Monday Jul 16

Yenser-Poetry Pamela Yenser was born in Alexandria VA, lived in Downey CA and Roswell NM, and was raised in Wichita, Kansas. She can remember her parents pointing up at a Roswell spaceship. She now lives in Albuquerque NM, near the neon of Route 66. She has poems in Antietam Review, ascent, Elysian Fields, Fugue, Massachusetts Review, Midwest Quarterly, Poetry Northwest, Shenandoah, and a number of anthologies and websites, including Kansas Poems and 150 Kansas Poems—soon to be a book.

Still Water
runs deep for those who have
been to the well, drunk,
or stood at the brink
to see their family
stone fall, and falling
never to sink.
If wishes were children
we wouldn’t cry for
what is spilt or raised—
in this case a bucket
of dried tears.
Now is your pail emptied
lately of its dead
weight, leaving you all
skin and bones
Now, when you let down
your long hair, it twists
like a rope.
First Sighting
–For Creig, who died in a fiery crash
on icy roads, 28 December 2008
Our dad flew me over litter lying
around unclaimed like lost children’s luggage,
all balloons and kites, the glitter garbage
of some foiled contraption or fool “flying
machine,” that famous accident splattered
throughout the Roswell Daily Record. Strange,
but true, my baby brother’s brain deranged
when it crashed and burned, his memory plastered
that night along the route Roswell’s “rat-pack”

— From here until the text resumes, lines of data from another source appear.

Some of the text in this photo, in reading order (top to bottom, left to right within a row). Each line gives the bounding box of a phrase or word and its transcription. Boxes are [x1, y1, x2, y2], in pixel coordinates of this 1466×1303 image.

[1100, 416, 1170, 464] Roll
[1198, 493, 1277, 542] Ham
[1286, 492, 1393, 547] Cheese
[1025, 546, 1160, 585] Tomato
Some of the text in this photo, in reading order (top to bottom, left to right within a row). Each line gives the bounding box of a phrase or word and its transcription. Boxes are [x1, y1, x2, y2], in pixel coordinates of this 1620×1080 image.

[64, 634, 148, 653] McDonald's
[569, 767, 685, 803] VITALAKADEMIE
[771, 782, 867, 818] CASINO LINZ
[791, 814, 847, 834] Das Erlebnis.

drove like hell through: Hub Corn, Ragsdale, places
right out of Scariest Police Chases.
Their blood’s as black as tar, said Cactus Jack.

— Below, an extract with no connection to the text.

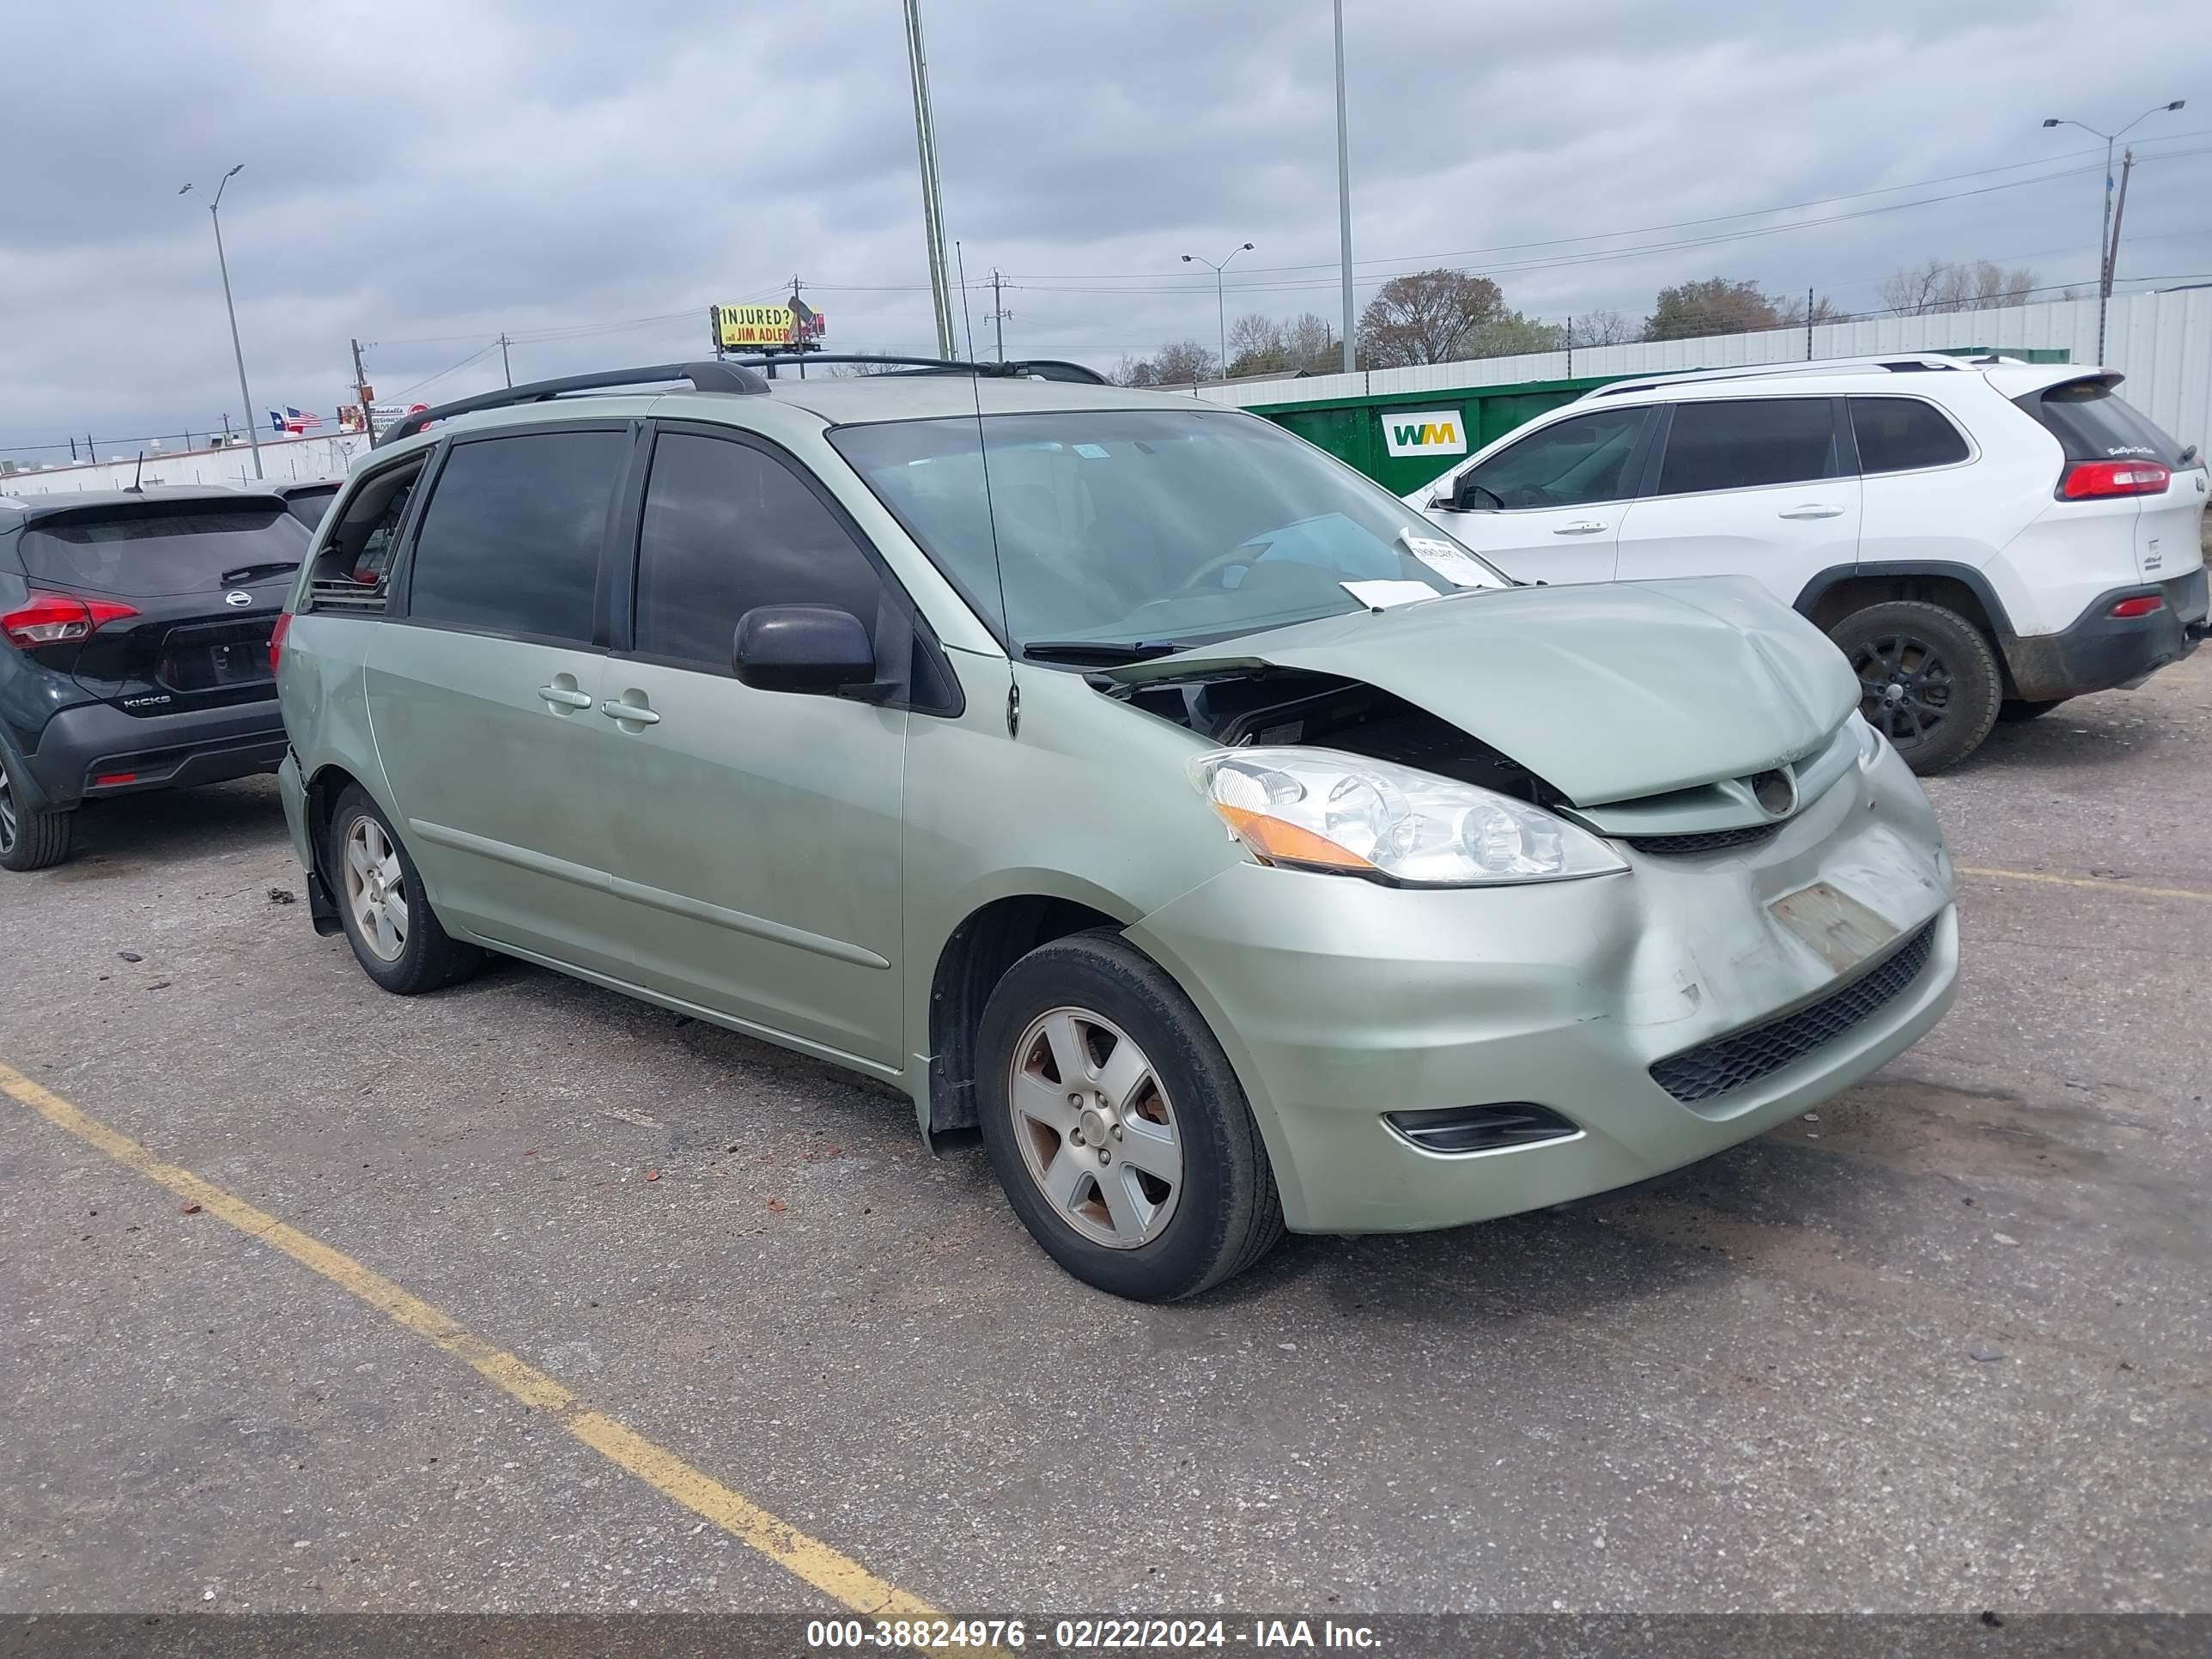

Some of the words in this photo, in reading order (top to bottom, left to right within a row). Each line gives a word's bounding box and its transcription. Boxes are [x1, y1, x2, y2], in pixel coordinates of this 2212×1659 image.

The very thought carries me like a dream
from Albuquerque to that pillbox town
where you, my milk-faced moon, hung upside-down,
circuitous with eyes, return to beam
me up. I thought you were a shooting star
or weather balloon made of Kryptonite,
but the way you zoomed from then to tonight
makes me wonder now, brother, who you are.
Postpartum Poetica
They give a bad name to motherhood—
these bundles of joylessness, yearning
for more, twisting in their brushed cotton
gowns, turning, turning, and returning
lately, only to be forgotten.
Their failure to flourish sends a flood
of tears upon the mother who would
rather roust them out of her head
than trust their refusal to be good.
She finds herself sleepwalking from bed
to chair, postpartum place of mothers
worn to a nub—no, two!—from baring
her bosom to the little grubbers,
her twice-slit gown opening, sharing
herself with them, her own flesh and blood.
In New Mexico
hummingbirds hover, tasting
flowers with their straws.
We wait for no rain:
pale pink eyelashes,
mascara blue clouds.
Wild nights! Dustbowl days.
Cottonwoods torn limb from limb
haunt our xeriscape.
Like us, they rattle
dry bones against adobe
walls, settling down.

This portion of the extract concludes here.